*** Opening Source information ***
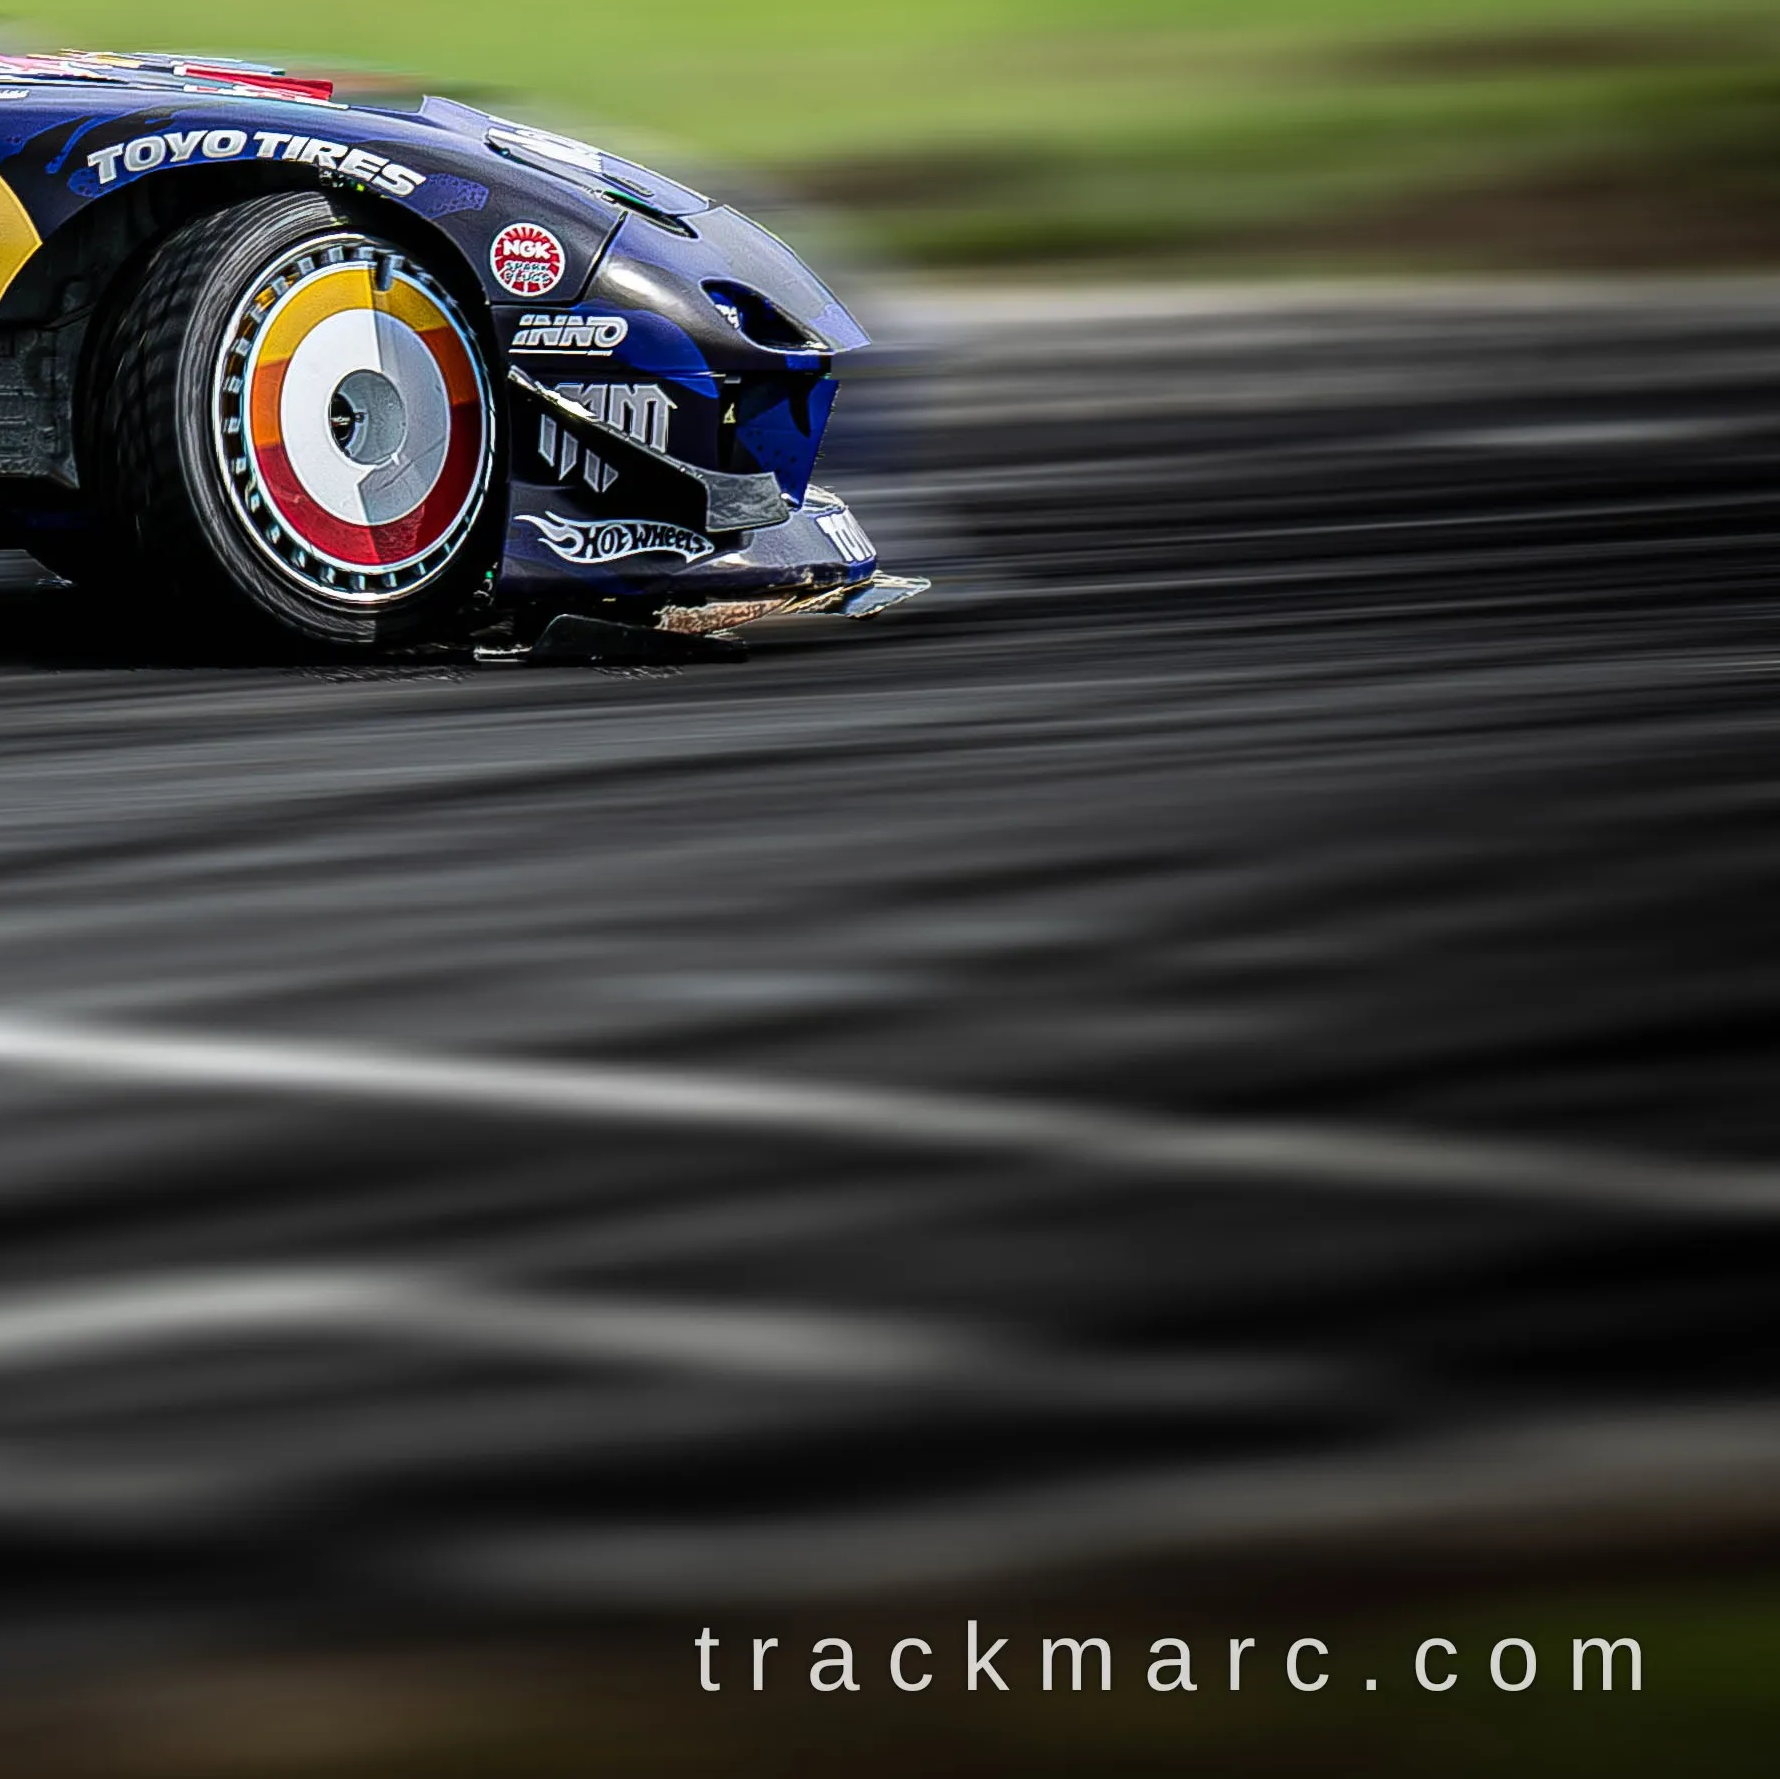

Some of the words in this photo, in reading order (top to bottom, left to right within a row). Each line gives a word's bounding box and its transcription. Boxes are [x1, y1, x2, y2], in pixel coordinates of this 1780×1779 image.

[87, 129, 248, 185] TOYO
[253, 131, 427, 197] TIRES
[503, 239, 551, 260] NGK
[511, 314, 629, 348] INNO
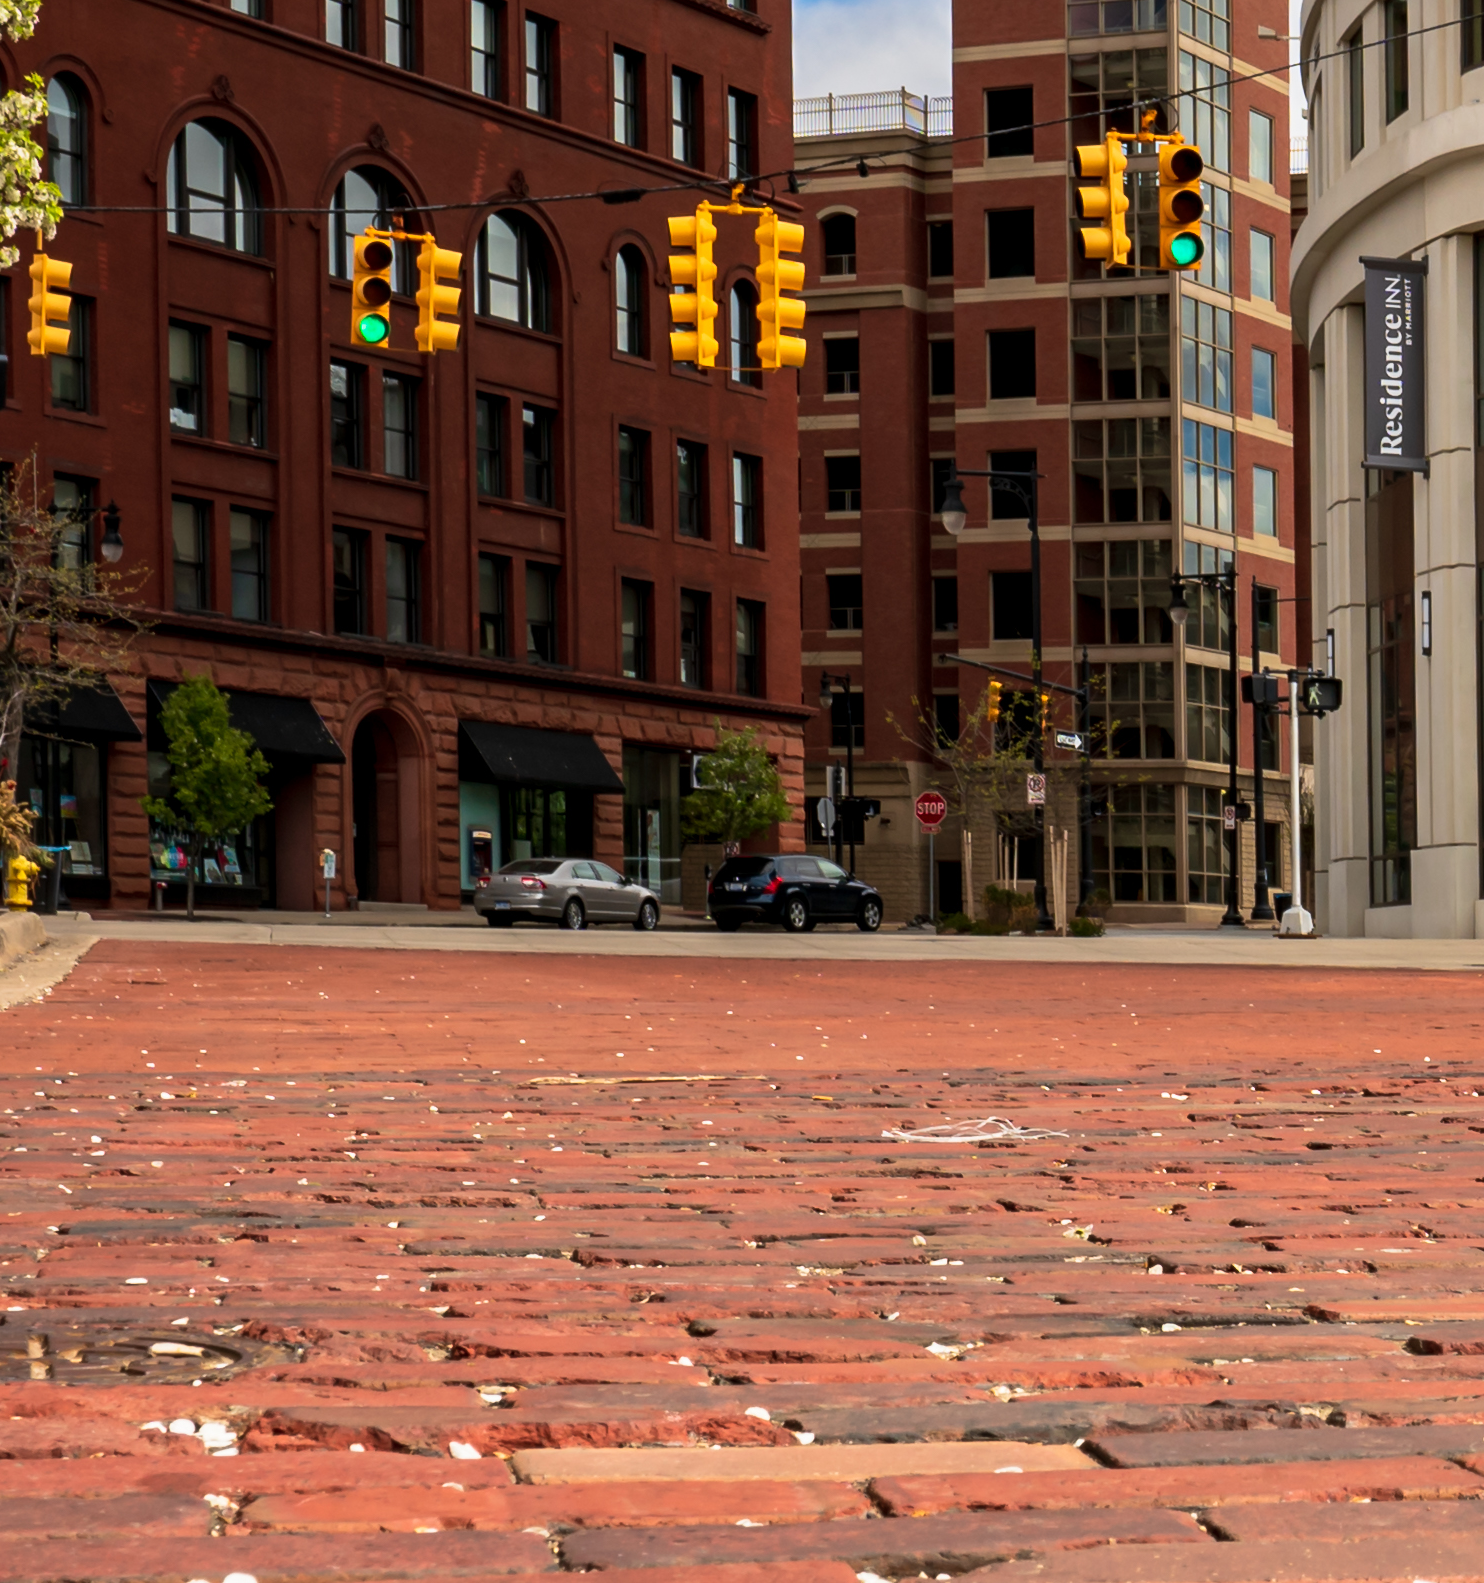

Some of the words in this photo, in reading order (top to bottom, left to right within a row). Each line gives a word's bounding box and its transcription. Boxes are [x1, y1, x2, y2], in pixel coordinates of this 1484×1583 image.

[1384, 277, 1401, 309] INN
[1404, 278, 1412, 330] MARRIOTT
[1405, 335, 1412, 346] BY
[1380, 313, 1403, 456] Residence
[917, 802, 944, 815] STOP
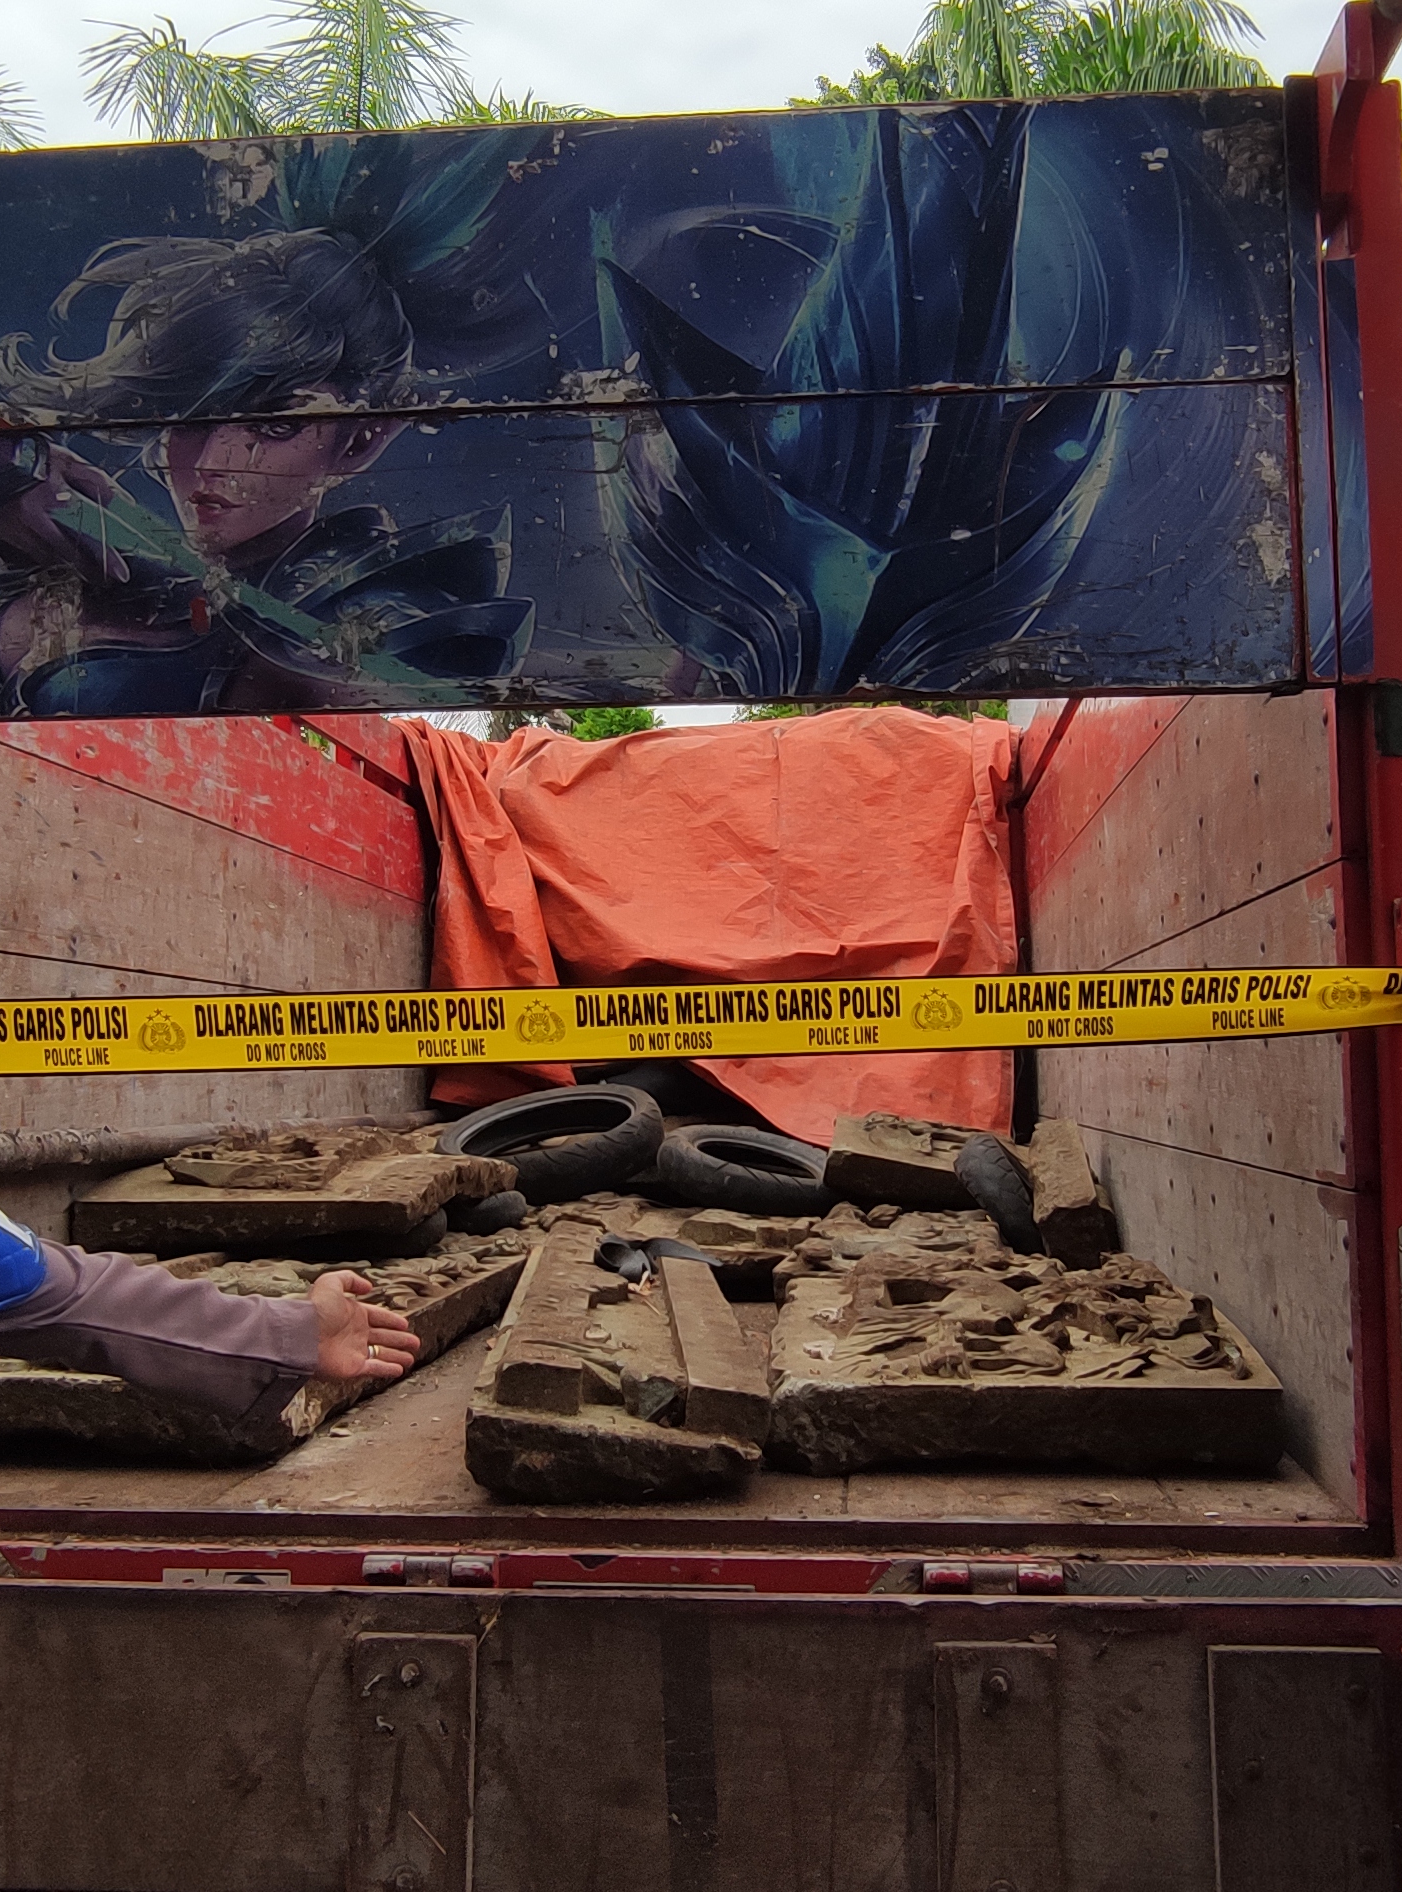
*** Closing Source information ***
Without the pictures, give all the records above again exactly.

# Written response
Some of the words in this photo, in reading order (top to bottom, left to right within a row). Each line gives a word's bounding box and its transcription. Boxes are [x1, y1, x2, y2], in pixel coordinates of this 1780×1779 image.

[87, 129, 248, 185] TOYO
[253, 131, 427, 197] TIRES
[503, 239, 551, 260] NGK
[511, 314, 629, 348] INNO

Some of the words in this photo, in reading order (top to bottom, left to right within a row). Each line gives a word's bounding box and its transcription. Boxes are [x1, y1, x2, y2], in pixel coordinates of this 1484×1583 image.

[1384, 277, 1401, 309] INN
[1404, 278, 1412, 330] MARRIOTT
[1405, 335, 1412, 346] BY
[1380, 313, 1403, 456] Residence
[917, 802, 944, 815] STOP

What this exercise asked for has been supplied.